Por: Felipe Rodríguez Espinel
Colombia acaba de cruzar una línea roja en su historia fiscal moderna. La decisión del gobierno Petro de suspender la regla fiscal por tres años representa mucho más que una medida técnica de política económica, es un quiebre institucional que compromete seriamente el futuro financiero del país.
Durante catorce años, la regla fiscal ha funcionado como el ancla de credibilidad de las finanzas públicas colombianas. Su suspensión por tres años supera incluso los dos años de la pandemia, cuando existía una justificación global indiscutible. Hoy, sin una crisis externa evidente, el gobierno ha optado por eliminar el único mecanismo que limitaba el gasto público descontrolado.
El déficit fiscal saltó del 5.6% proyectado al 6.8% del PIB en 2024, y las proyecciones para 2025 superan el 7%. La deuda neta ya alcanzó el 60% del PIB, rompiendo el ancla de sostenibilidad del 55%. Estos números no reflejan eventos extraordinarios, sino la incapacidad del gobierno para equilibrar sus cuentas en tiempos normales. Moody’s, la única calificadora que mantiene a Colombia en grado de inversión, calificó la decisión como negativa y confirmó que está considerando una rebaja. La pérdida total del grado de inversión no es ya una posibilidad remota, sino un escenario cada vez más probable.
El costo de esta decisión se traduce en pesos y centavos para todos los colombianos. El encarecimiento del financiamiento público significa que cada peso que el Estado pida prestado costará más, reduciendo los recursos disponibles para inversión social, infraestructura y programas que realmente impactan la calidad de vida de las personas. El gobierno justifica la suspensión argumentando que el 86% del gasto es inflexible y que heredó problemas del gobierno anterior. Sin embargo, esta narrativa ignora una realidad fundamental, las decisiones de gasto de los últimos tres años han agravado significativamente el problema fiscal.

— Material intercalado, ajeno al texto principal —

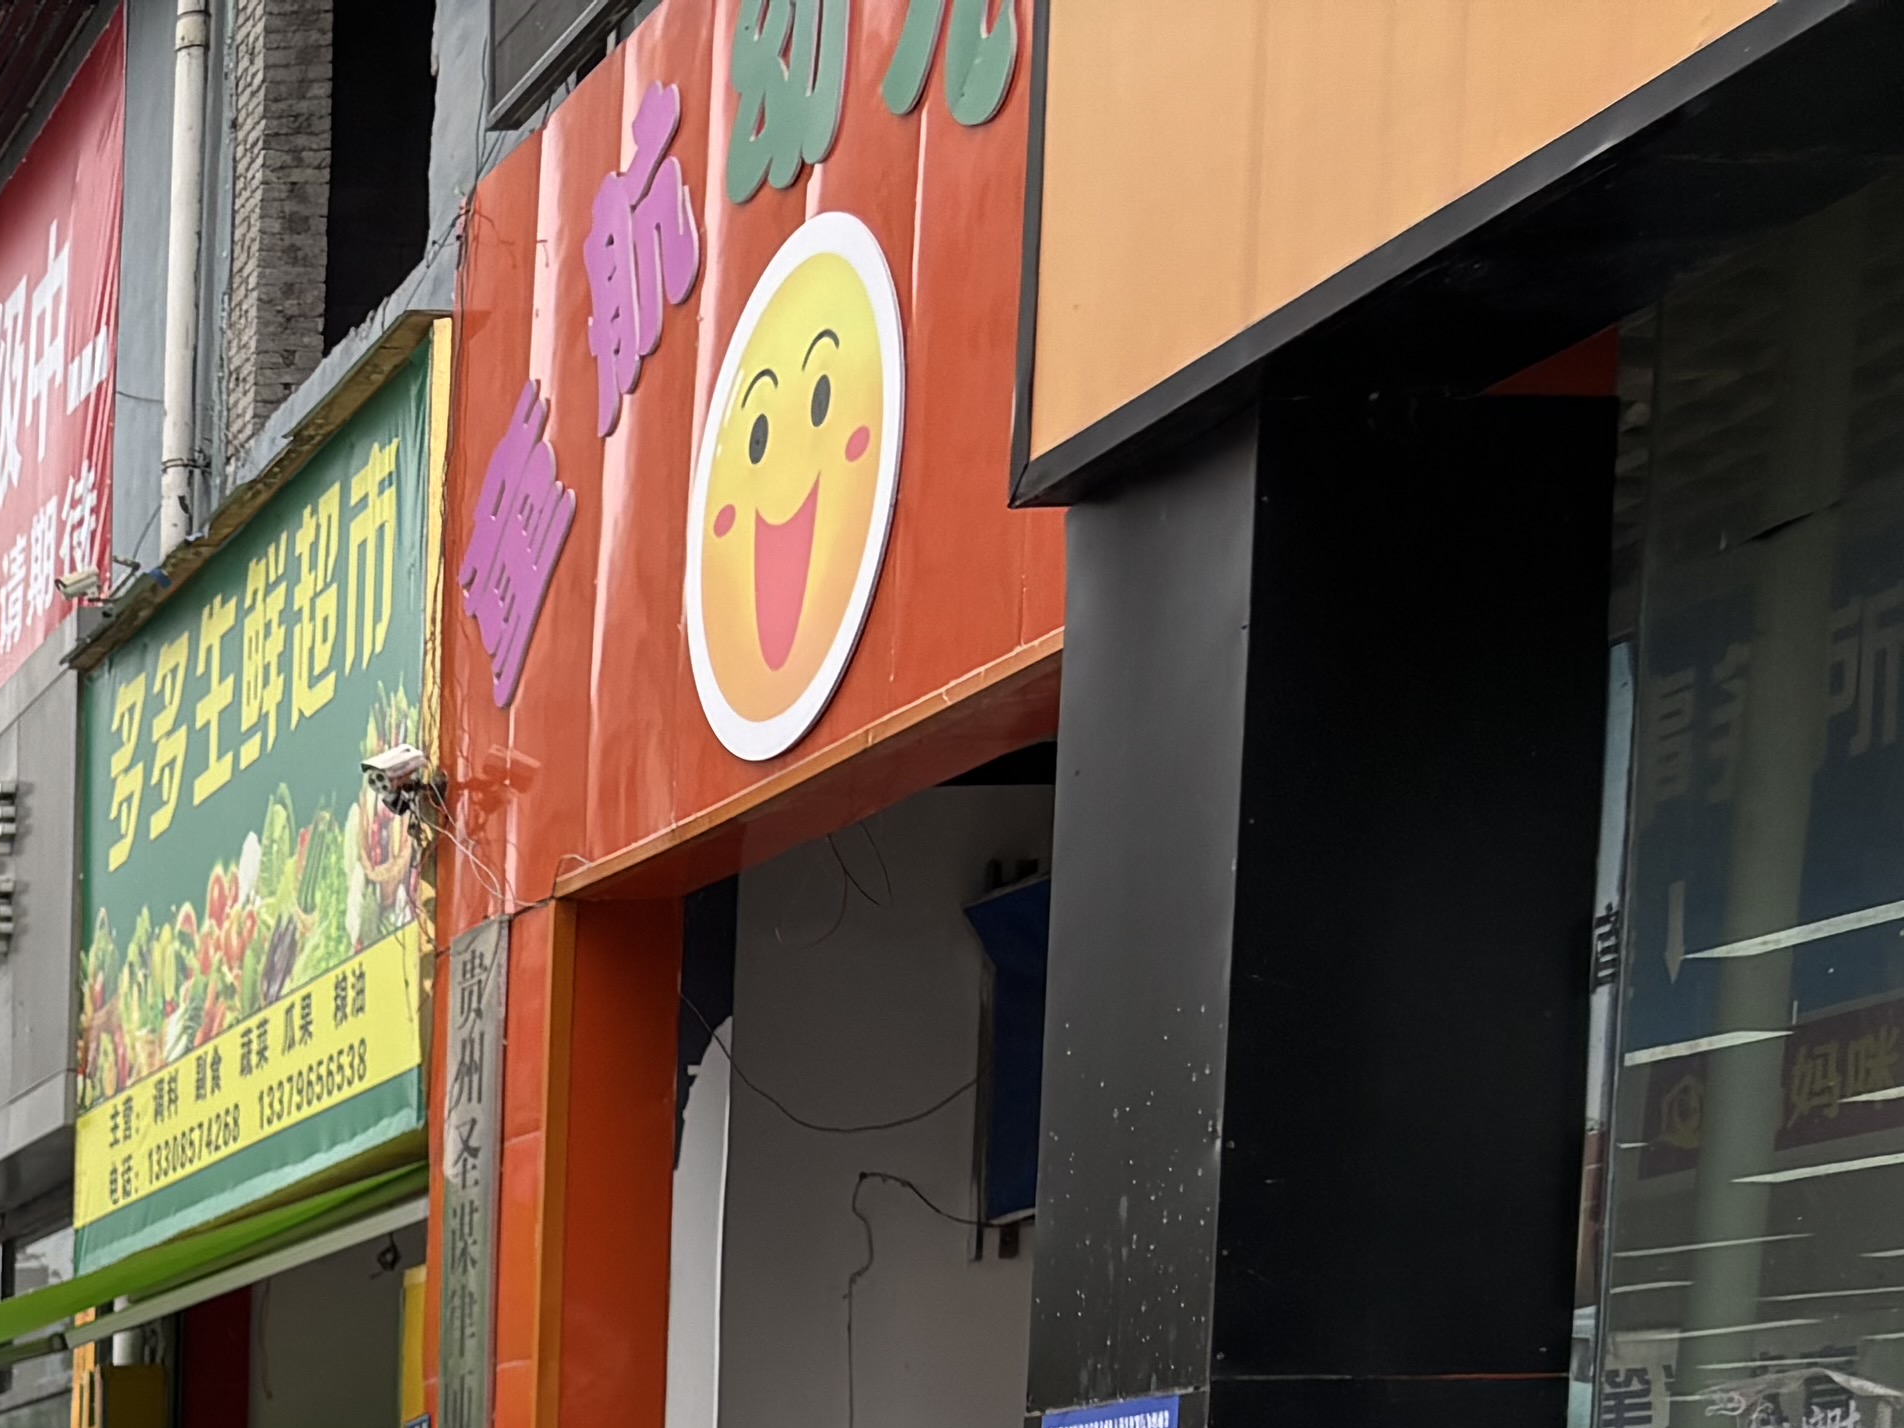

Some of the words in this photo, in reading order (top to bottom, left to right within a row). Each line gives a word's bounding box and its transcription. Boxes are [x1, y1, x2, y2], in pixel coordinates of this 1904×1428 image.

Quienes más sufrirán las consecuencias de esta decisión no están en las salas de juntas de los bancos de inversión, sino en los hogares colombianos que verán encarecerse el crédito, depreciarse su moneda y reducirse las oportunidades de empleo formal. La pérdida de confianza internacional se traduce en menor inversión extranjera, menos generación de empleo y menor crecimiento económico. Además, las futuras generaciones cargarán con una deuda que hoy representa el costo de mantener un gasto público insostenible. Es éticamente cuestionable hipotecar el futuro de nuestros hijos para evitar tomar decisiones difíciles en el presente.
Sin un plan creíble de retorno a la sostenibilidad fiscal, Colombia enfrenta el riesgo de entrar en una espiral de deterioro crediticio que podría requerir décadas para revertir. La suspensión de la regla fiscal no resuelve los problemas estructurales del país; simplemente los posterga y los agrava. La sostenibilidad fiscal no es un capricho de los mercados, sino una condición indispensable para garantizar el bienestar de las generaciones presentes y futuras.
El verdadero liderazgo político se demuestra tomando decisiones difíciles cuando son necesarias, no eliminando las reglas cuando se vuelven incómodas.